51. Es würde äußerst langweilig sein, Stück für Stück alle die Stellen durchzugehen, die unwissende oder böse Menschen gegen den Gebrauch der Vernunft in der Religion anführen, den ich besonders fordere. Eine einzelne Stelle für meine Absicht, so möchte man doch annehmen, sollte allen Christen, die die Wahrheit lieben, hinreichende Befriedigung geben; denn das Wort Gottes muss überall gleichförmig und sich selbst konform sein. Ich habe verschiedenes im zweiten Kapitel des zweiten Abschnittes angeführt, nicht zu reden von dem, was ich im vorhergehenden Kapitel dieses Abschnittes dargestellt habe.
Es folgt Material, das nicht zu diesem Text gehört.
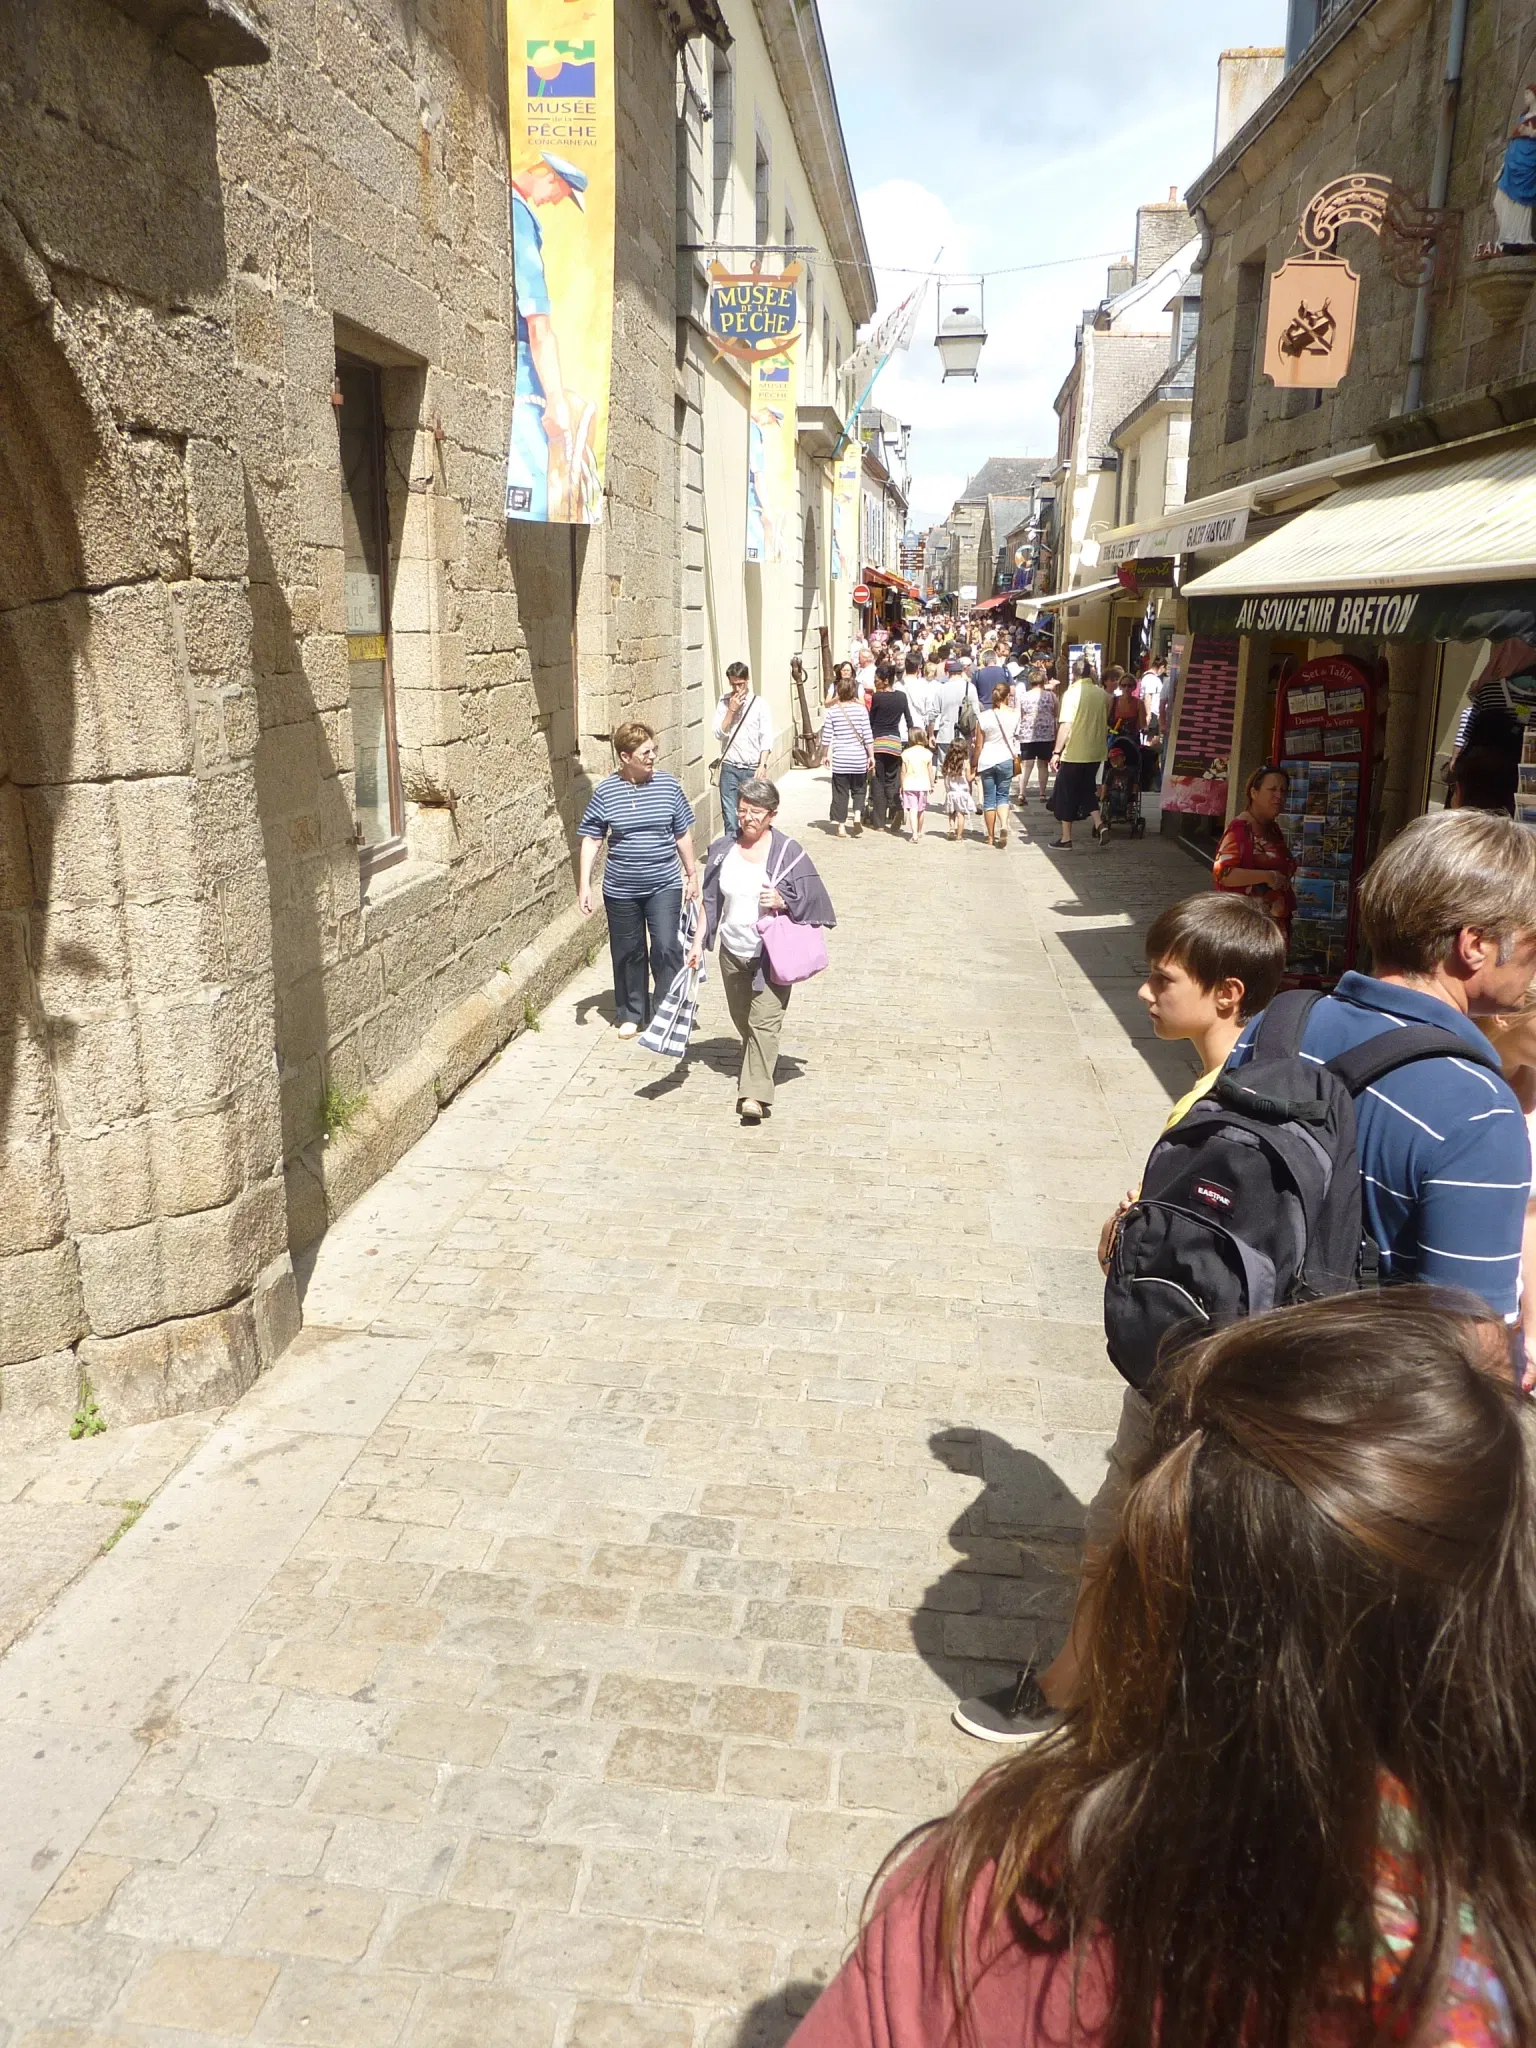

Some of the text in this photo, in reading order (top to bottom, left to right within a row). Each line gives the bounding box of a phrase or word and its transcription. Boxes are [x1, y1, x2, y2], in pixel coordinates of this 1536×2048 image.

Weil aber diese Betrachtung vielleicht zurückgewiesen werden könnte, und um den Spitzfindlern und Betrügern keine annehmbaren Einwände zu lassen, habe ich genau die strengsten Vorwürfe beantwortet, die ich in den berühmtesten Stücken der Theologie beobachtet habe; ich sage, die ich beobachtet habe, denn würde ich das Evangelium eine Million Mal durchlesen müssen, ehe mir die volkstümliche Vorstellung vom Mysterium je in den Kopf kommen oder irgendeine Stelle in dem Buche mir beibringen könnte, dass sein Sinn über Vernunft oder Erkenntnis ginge. Jedenfalls fühle ich mich nicht geneigt, diejenigen zu beneiden, die andere Gedanken darüber hegen, wenn sie auch immerfort offen bekennen, es sei eine göttliche Offenbarung. Aber da ich sehe, dass mir die wesentlichste Schwierigkeit von einem Freunde gemacht wird, nämlich dass meine Absicht die Natur des Glaubens vernichte, will ich mich, so kurz ich kann, über diesen Gegenstand äußern.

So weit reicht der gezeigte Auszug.